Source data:
·····
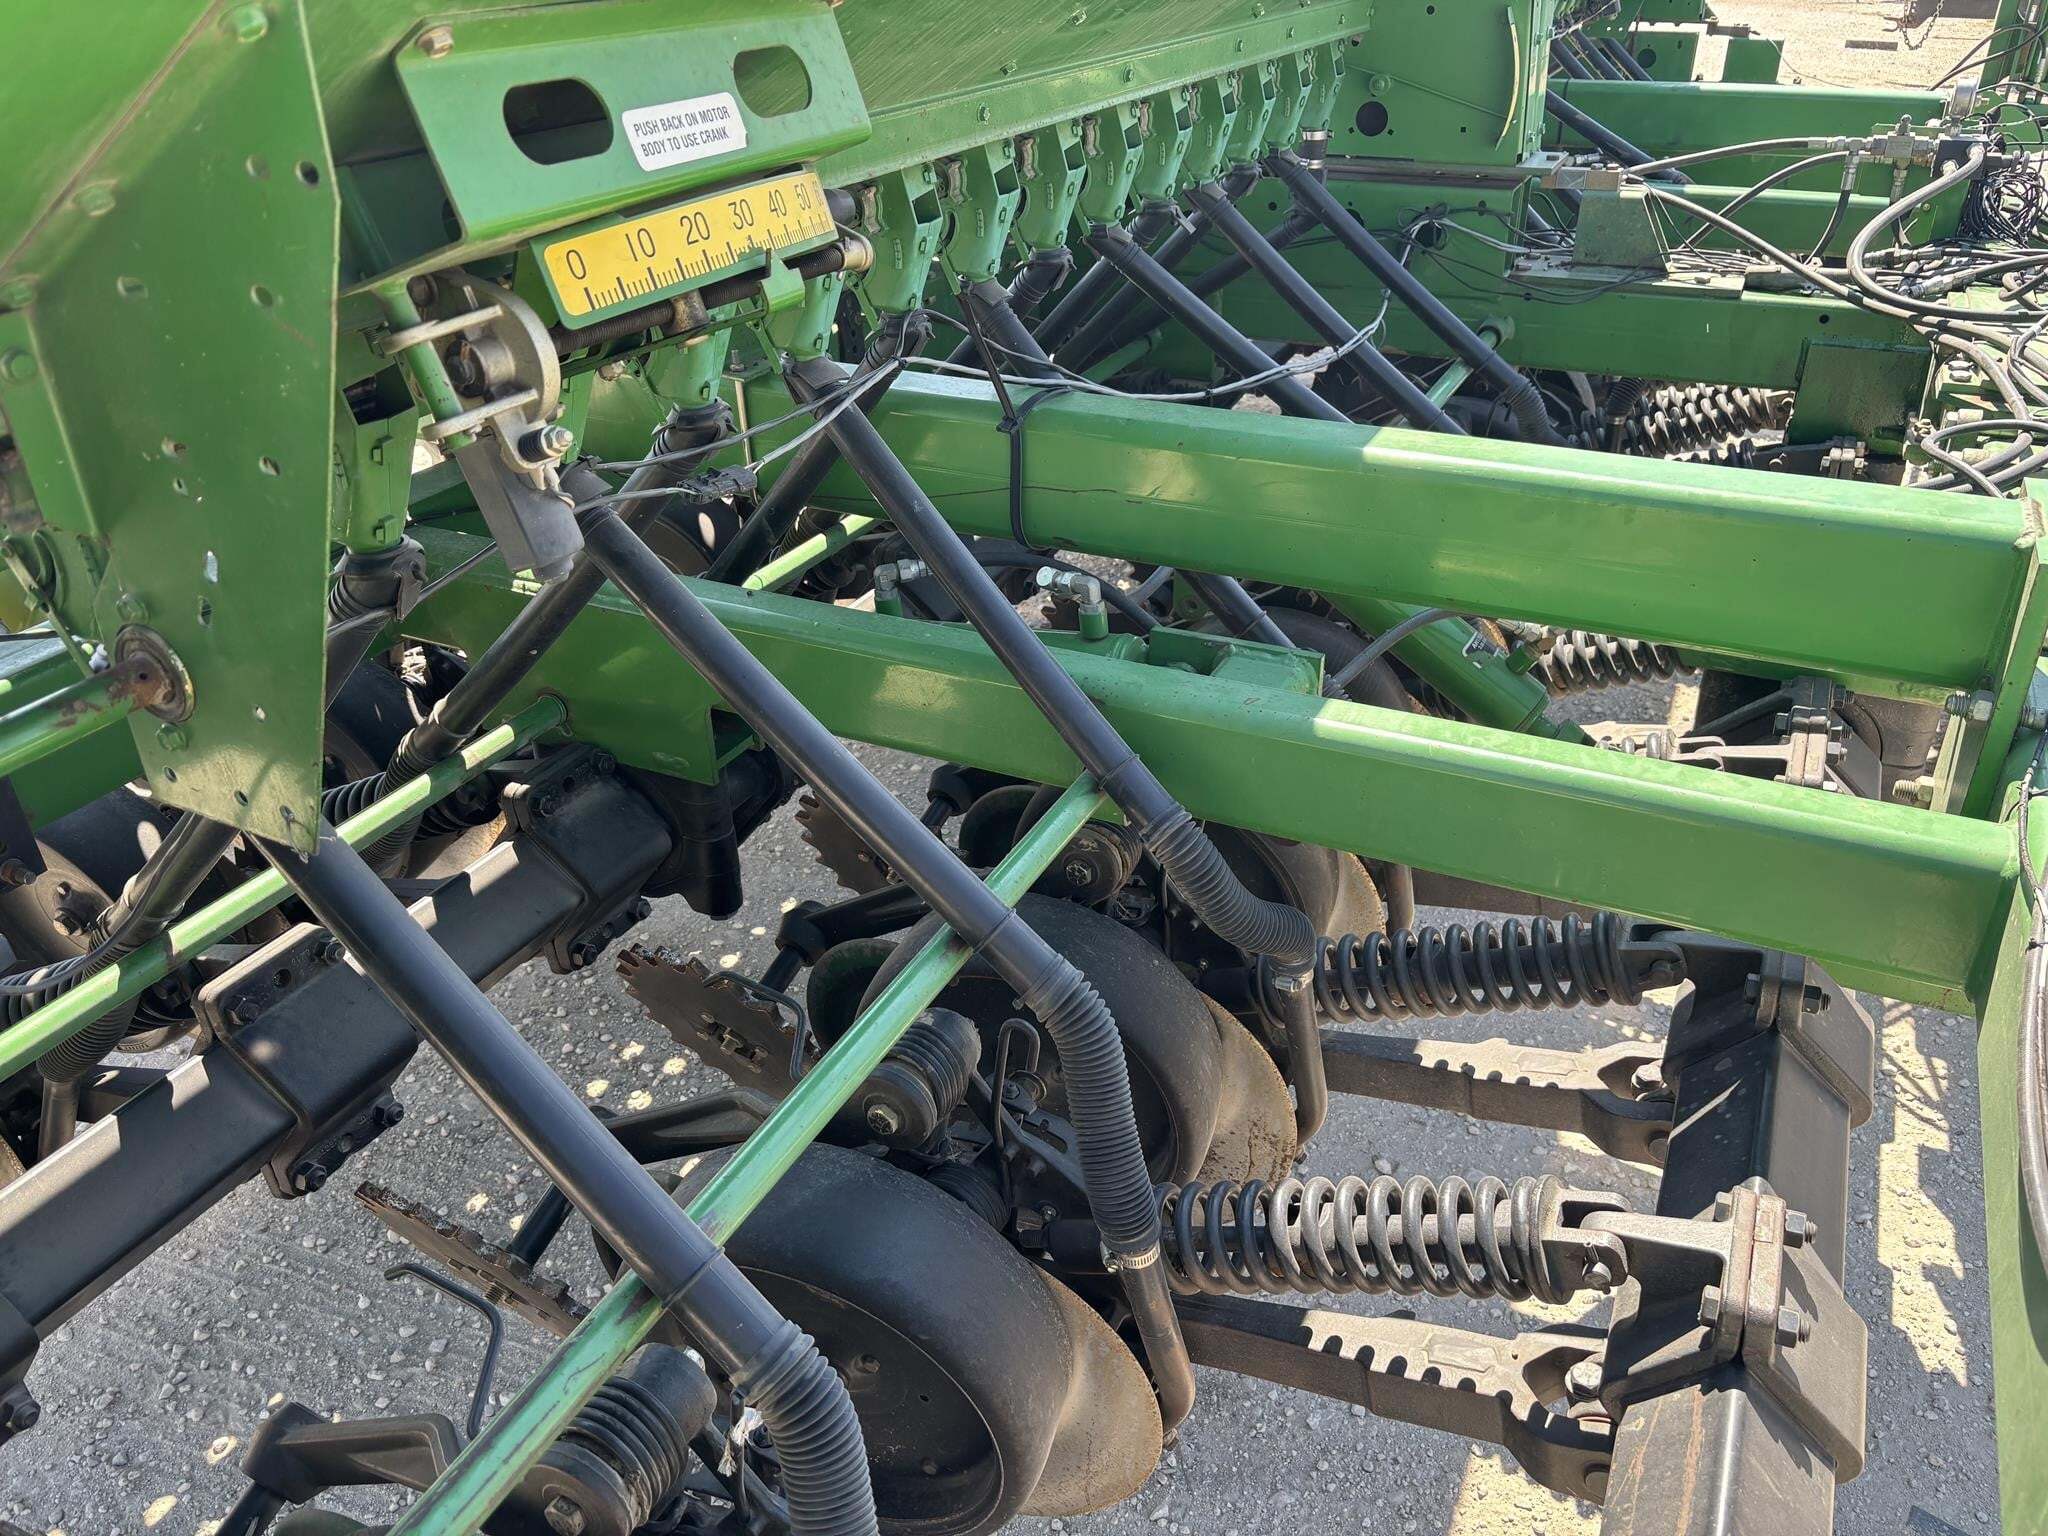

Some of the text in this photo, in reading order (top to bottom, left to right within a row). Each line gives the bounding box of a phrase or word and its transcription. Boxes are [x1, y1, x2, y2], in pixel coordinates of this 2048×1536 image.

[633, 106, 730, 137] PUSH BACK ON MOTOR
[640, 126, 729, 157] BODY TO USE CRANK
[566, 249, 587, 280] 0
[625, 227, 656, 262] 10
[679, 211, 711, 246] 20
[727, 198, 755, 230] 30
[768, 188, 787, 218] 40
[794, 182, 812, 211] 50
·····
Problem requirements | What you return must be the entries above, exactly as they appear, without any pictures.

Solved exercise |
Some of the text in this photo, in reading order (top to bottom, left to right within a row). Each line gives the bounding box of a phrase or word and its transcription. Boxes are [x1, y1, x2, y2], in pixel coordinates of this 2048×1536 image.

[633, 106, 730, 137] PUSH BACK ON MOTOR
[640, 126, 729, 157] BODY TO USE CRANK
[566, 249, 587, 280] 0
[625, 227, 656, 262] 10
[679, 211, 711, 246] 20
[727, 198, 755, 230] 30
[768, 188, 787, 218] 40
[794, 182, 812, 211] 50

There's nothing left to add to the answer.